Le definizioni di che cosa sia una costituzione sono tante quante sono le menti pensanti dei costituzionalisti (ognuno tende a dare una propria definizione su cosa sia la costituzione). Andiamo ad evidenziare le somiglianze comuni a tutte le definizioni:

È un documento giuridico e politico insieme. È connaturato nel documento costituzionale questa sorta di doppio volto. Tutte le disposizioni contenute nella costituzione sono disposizioni giuridiche e quindi è ormai superata la tesi in base alla quale alcune disposizioni della costituzione sono giuridiche ma hanno un valore programmatico e non precettivo. Oggi non c’è più nessuno che mette in discussione il fatto che nessuna disposizione della costituzione è programmatica e anche precettiva. Quindi è un documento giuridico che può e deve essere utilizzato dall’interprete e dai giudici per risolvere i casi concreti. Il giudice spesso è chiamato, prima di sollevare la questione alla corte costituzionale, a tentare di dare una interpretazione costituzionalmente orientata della legge che deve applicare.

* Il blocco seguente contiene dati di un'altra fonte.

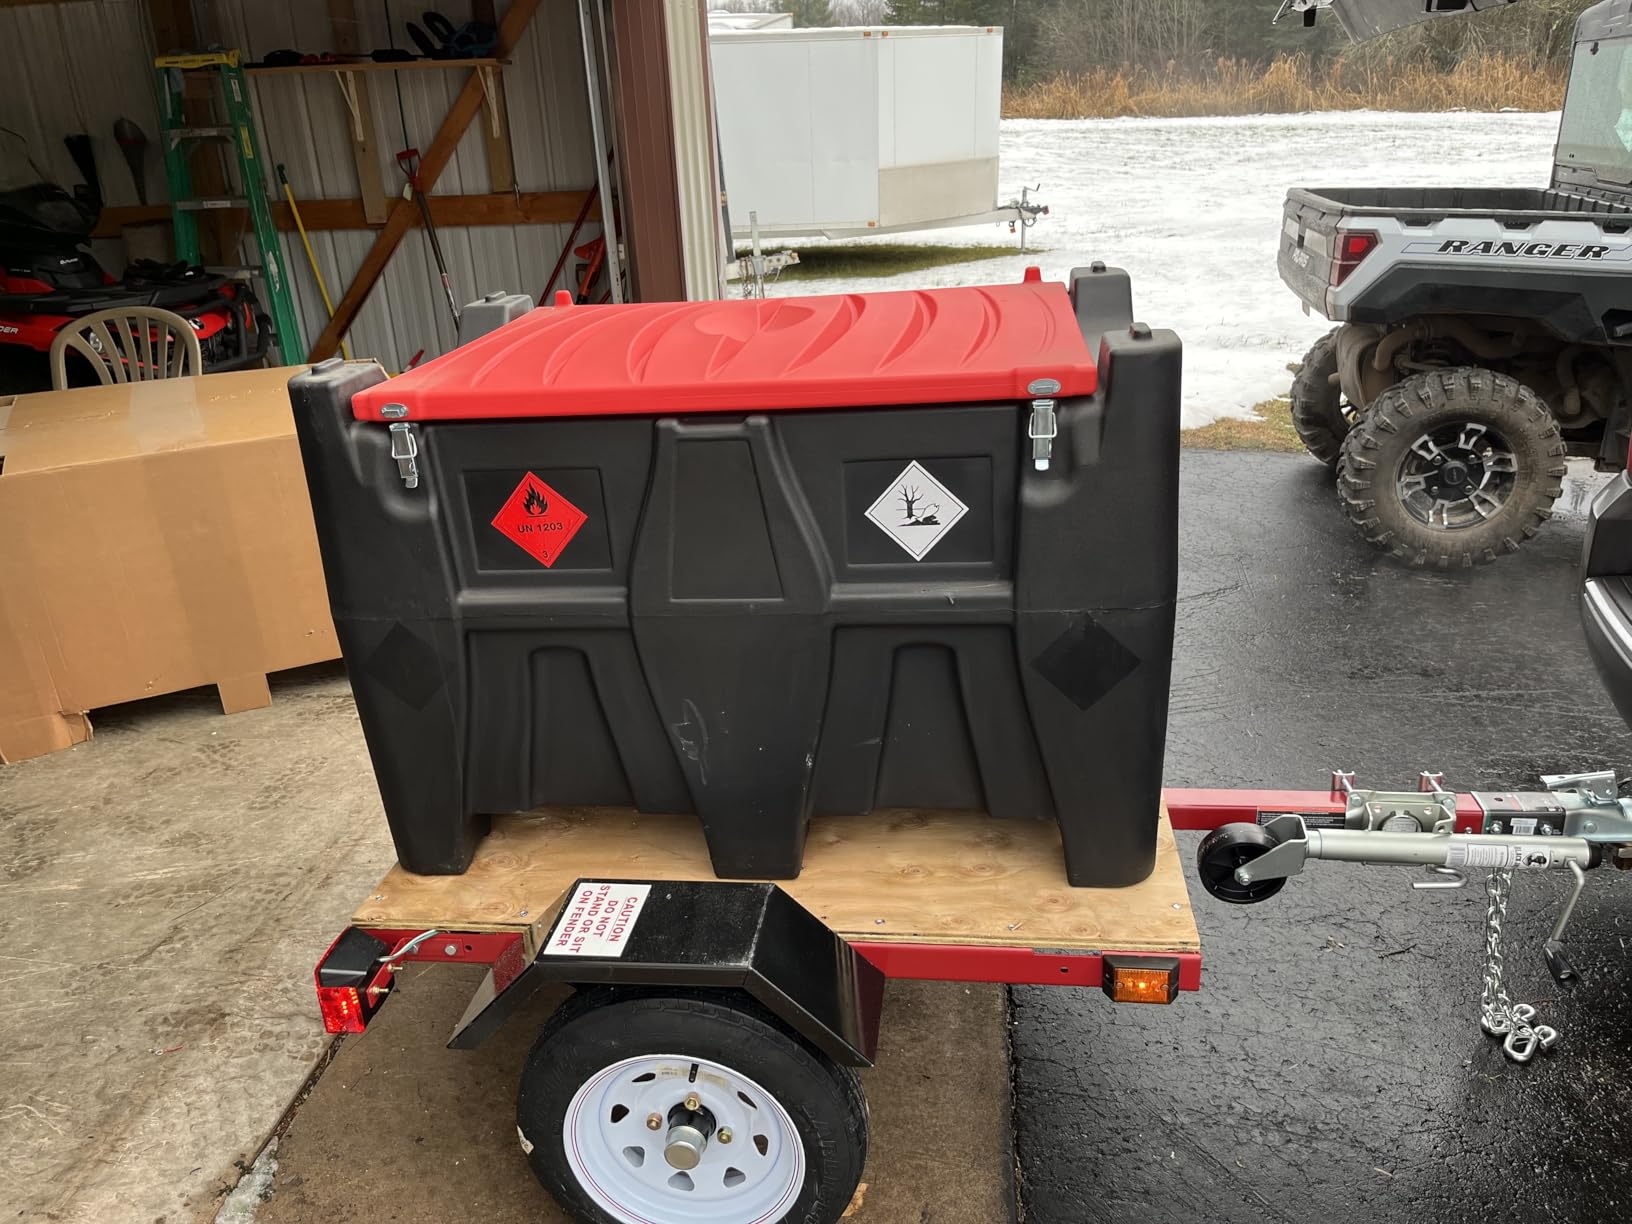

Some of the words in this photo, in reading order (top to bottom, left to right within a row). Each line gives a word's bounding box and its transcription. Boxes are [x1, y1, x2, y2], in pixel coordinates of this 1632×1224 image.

[1437, 240, 1609, 259] RANGER
[517, 525, 533, 533] UN
[537, 522, 564, 532] 1203
[543, 550, 549, 558] 3
[578, 890, 593, 904] ON
[587, 885, 611, 916] STAND
[604, 900, 618, 914] DO
[556, 907, 585, 946] FENDER
[579, 919, 593, 933] OR
[593, 916, 611, 937] NOT
[608, 896, 638, 942] CAUTION
[569, 936, 586, 953] SIT
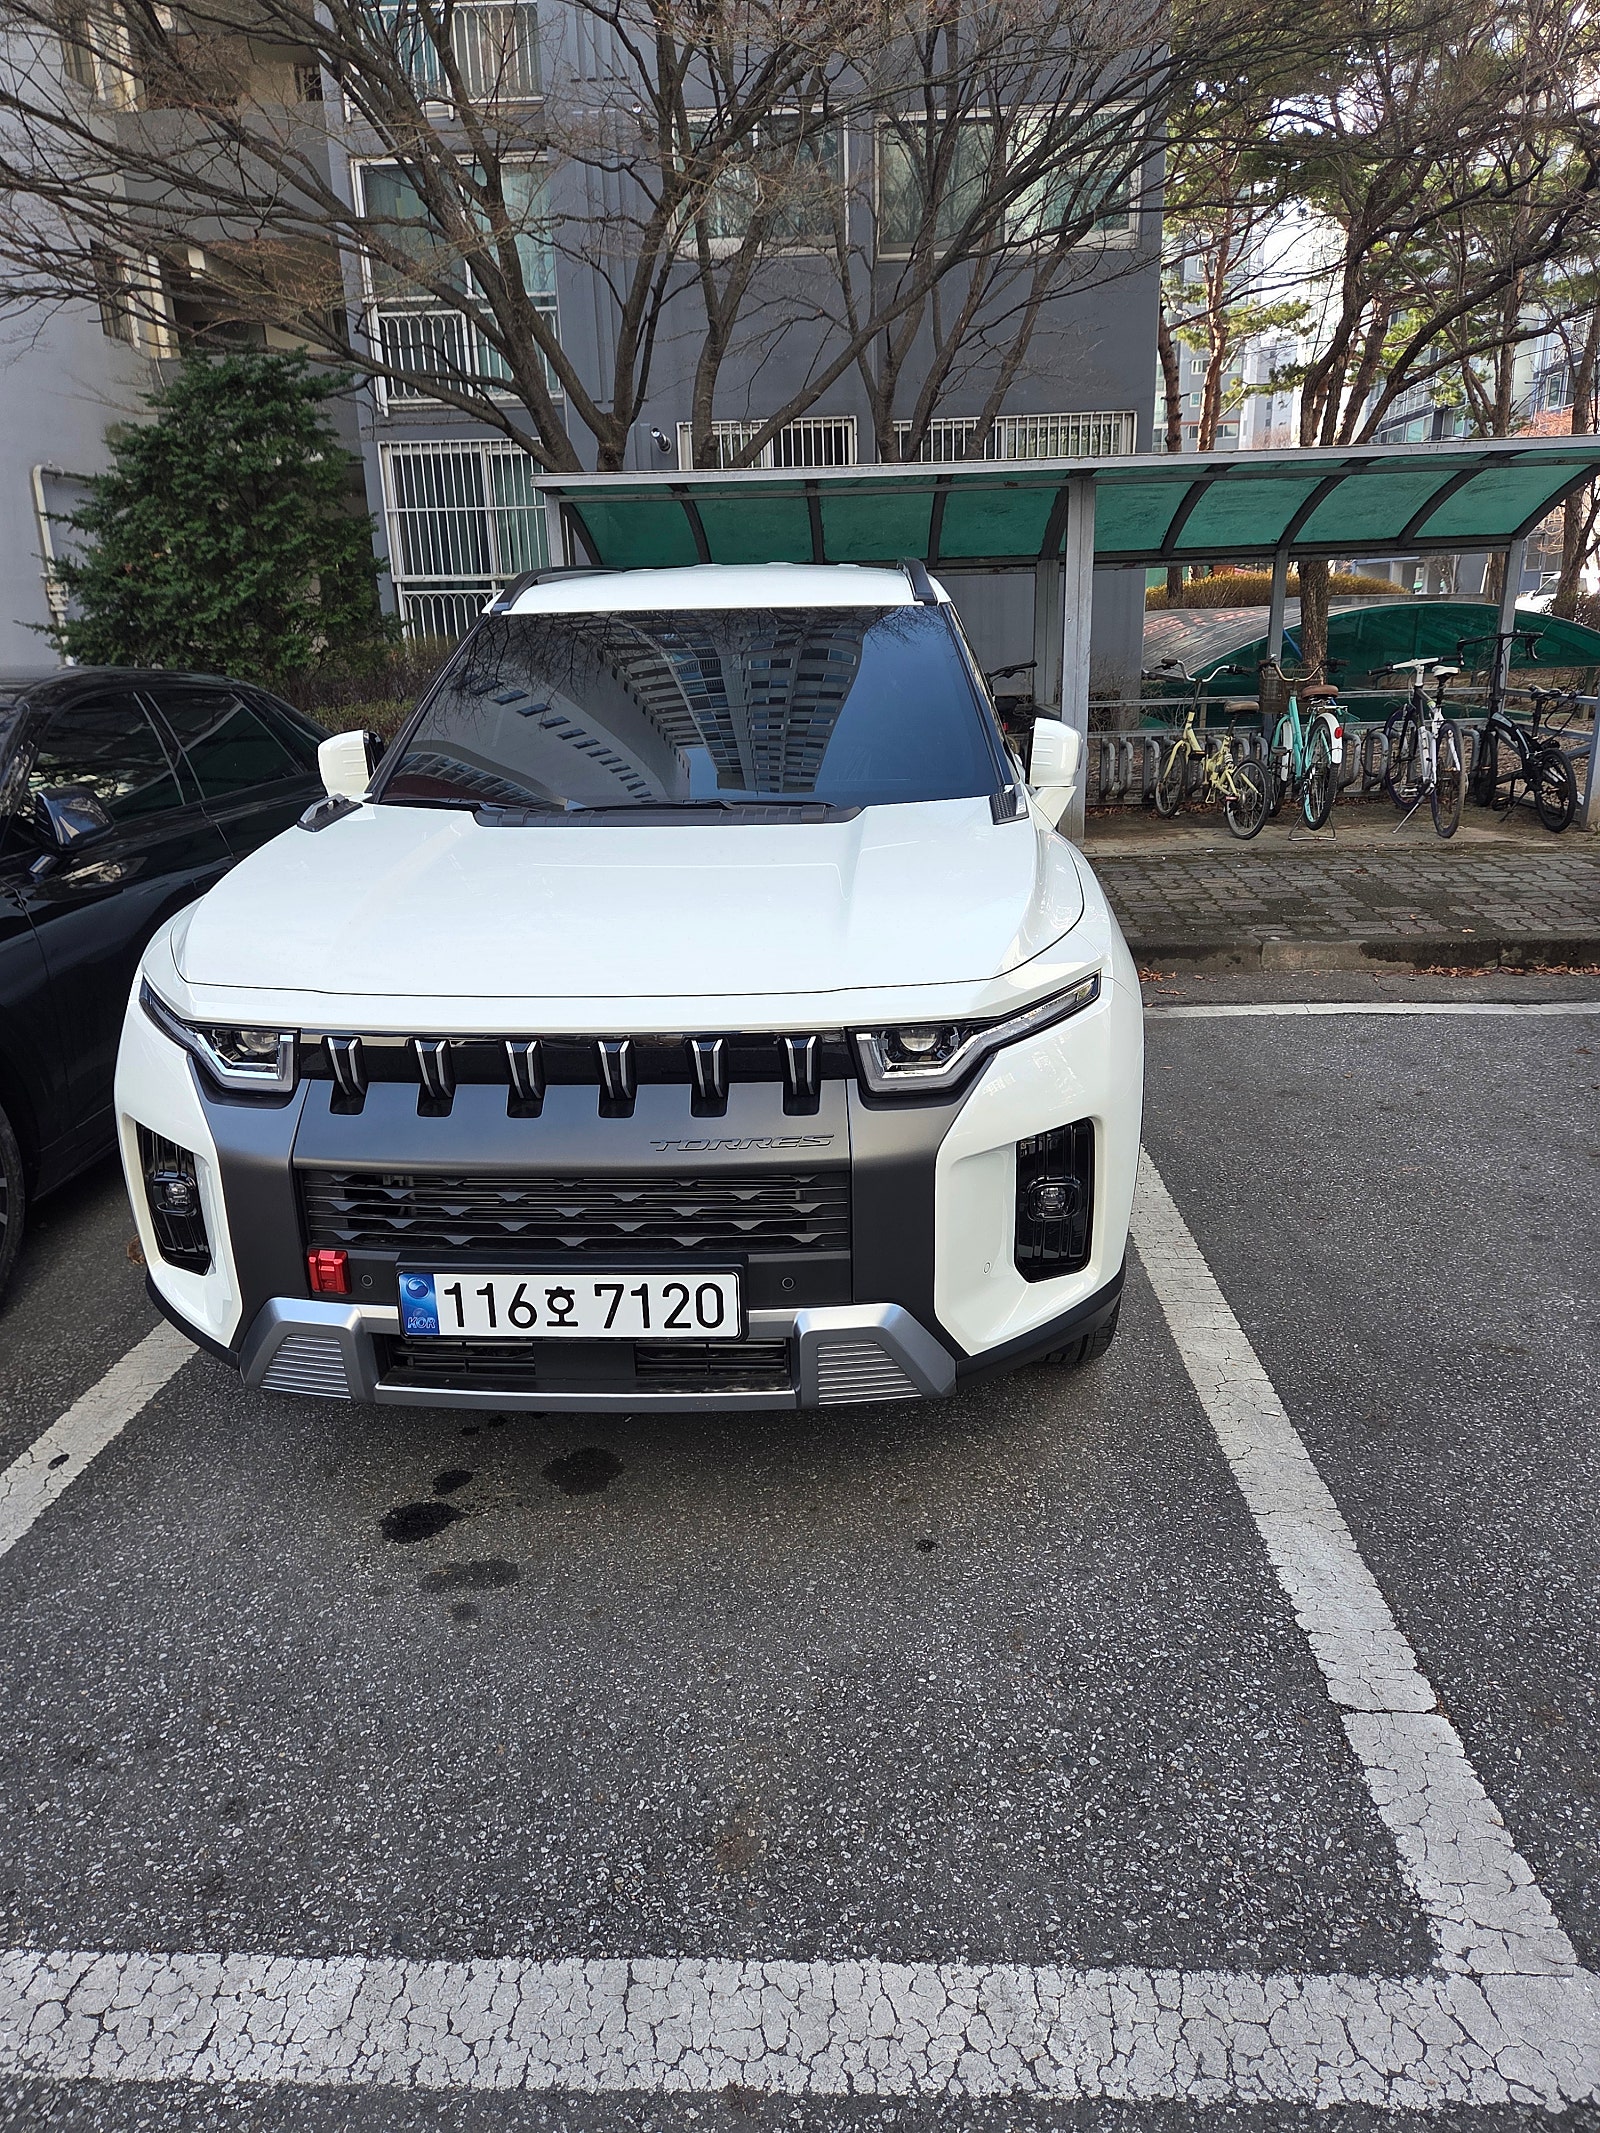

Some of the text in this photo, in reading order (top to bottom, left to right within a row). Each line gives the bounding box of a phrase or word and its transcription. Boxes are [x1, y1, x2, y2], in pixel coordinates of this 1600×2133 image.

È una sorta di potere-dovere. Quando anche il giudice, oltre alla corte costituzionale, applica la costituzione, viene sottolineato il lato giuridico della costituzione. Poi vi è il lato politico della costituzione: non vi è norma in costituzione che non sia giuridica e politica insieme. Perché? Perché la costituzione è il frutto di potere costituente, tutto ciò che viene dopo, oltre, non è più potere costituente ma potere costituito. È importante questa distinzione perché ci fa capire come la costituzione sia davvero lo strumento che serve agli operatori per risolvere i casi che hanno di fronte (lato giuridico) ma è anche lo strumento che serve al parlamento e al governo come direzione da intraprendere (lato politico).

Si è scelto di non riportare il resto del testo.